For Immediate Release
Liz Rose, Communications Director, 202-265-1490 x 32
Free Press Urges FCC to Restore Broadband Oversight Authority
Agency Must Close Legal Loophole to Protect Consumers and Promote Innovation
WASHINGTON - In comments filed today with the Federal
Communications Commission, Free Press urges the agency to swiftly
implement Chairman Genachowski's proposal to re-establish a legal
framework that allows the Commission to set broadband policy, protect
consumers and promote innovation in the broadband marketplace.
S. Derek Turner,
research director of Free Press, said:
"Chairman Genachowski has
laid out the right plan to restore the Commission's authority over
broadband networks and provide a stable legal foundation for our
nation's most critical communications infrastructure. The agency needs
to move quickly to vote on the proposal, as any further delay leaves
millions of broadband customers without basic consumer protections and
threatens the future of the open Internet.
"The phone and cable
companies want the FCC to relinquish the agency's power to protect
consumers and to promote open, fast and affordable broadband Internet.

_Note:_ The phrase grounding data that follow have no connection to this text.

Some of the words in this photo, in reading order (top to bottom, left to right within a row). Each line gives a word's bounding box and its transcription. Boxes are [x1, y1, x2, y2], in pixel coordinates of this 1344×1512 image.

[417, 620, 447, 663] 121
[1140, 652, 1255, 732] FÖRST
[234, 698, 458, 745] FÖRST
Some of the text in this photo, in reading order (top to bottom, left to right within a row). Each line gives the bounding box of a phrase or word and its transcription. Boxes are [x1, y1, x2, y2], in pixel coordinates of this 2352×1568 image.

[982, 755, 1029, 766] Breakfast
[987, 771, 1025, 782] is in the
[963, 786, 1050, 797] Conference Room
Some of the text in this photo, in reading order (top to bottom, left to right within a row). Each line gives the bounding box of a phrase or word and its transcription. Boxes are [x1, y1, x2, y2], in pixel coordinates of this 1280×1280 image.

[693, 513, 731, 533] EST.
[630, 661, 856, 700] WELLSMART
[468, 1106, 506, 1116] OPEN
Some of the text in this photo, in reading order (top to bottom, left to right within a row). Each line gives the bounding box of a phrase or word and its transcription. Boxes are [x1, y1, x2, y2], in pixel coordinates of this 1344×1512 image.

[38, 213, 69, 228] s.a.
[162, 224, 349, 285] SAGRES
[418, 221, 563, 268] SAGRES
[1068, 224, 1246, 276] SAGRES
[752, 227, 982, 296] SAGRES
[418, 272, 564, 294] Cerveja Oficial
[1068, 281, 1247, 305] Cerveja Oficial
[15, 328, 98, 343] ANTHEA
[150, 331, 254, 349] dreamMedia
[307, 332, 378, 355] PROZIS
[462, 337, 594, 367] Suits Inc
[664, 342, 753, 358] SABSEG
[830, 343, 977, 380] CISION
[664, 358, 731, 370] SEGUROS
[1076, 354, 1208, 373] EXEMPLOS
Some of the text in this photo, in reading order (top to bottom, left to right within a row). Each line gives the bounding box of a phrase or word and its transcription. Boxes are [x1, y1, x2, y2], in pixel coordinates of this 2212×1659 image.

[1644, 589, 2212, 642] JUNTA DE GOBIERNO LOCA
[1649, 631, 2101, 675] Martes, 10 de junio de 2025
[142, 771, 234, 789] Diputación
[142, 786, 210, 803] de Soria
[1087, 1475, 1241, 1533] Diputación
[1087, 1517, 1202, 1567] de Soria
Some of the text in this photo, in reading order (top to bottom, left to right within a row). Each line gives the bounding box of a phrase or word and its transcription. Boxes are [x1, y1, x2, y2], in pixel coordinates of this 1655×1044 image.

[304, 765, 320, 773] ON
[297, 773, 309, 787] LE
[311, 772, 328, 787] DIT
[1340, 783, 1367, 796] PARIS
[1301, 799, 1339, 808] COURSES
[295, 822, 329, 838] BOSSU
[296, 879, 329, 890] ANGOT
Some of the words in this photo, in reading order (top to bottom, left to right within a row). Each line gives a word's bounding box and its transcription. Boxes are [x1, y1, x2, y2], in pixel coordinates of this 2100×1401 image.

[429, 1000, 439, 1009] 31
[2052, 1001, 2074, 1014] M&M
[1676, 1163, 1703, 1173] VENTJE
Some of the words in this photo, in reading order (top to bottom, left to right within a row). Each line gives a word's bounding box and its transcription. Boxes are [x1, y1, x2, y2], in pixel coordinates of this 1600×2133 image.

Without closing this legal loophole, broadband service providers will be
free to censor websites, stifle competition, and continue to ignore
underserved communities. The FCC can't build a national broadband policy
on a foundation of a failed legal experiment. If this FCC fails to act,
it will cause irrevocable harm to the public interest and jeopardize
America's long-term global economic prospects.
"Regardless of political
posturing and closed-door negotiations at the FCC, the Commission must
have the authority to enforce basic consumer protections. Chairman
Genachowski should move swiftly to end the debate over legal definitions
and start the hard work of crafting policy that brings faster, more
affordable broadband service to millions of underserved households.
"The Third Way framework
proposed in the Commission's Notice of Inquiry will preserve the
Commission's ability to uphold the widely supported principles of
universal service, competition, interconnection, non-discrimination,
consumer protection and reasoned deregulation - principles that led to
the Internet revolution. The time for action is now, and the future of
the Internet is in Chairman Genachowski's hands."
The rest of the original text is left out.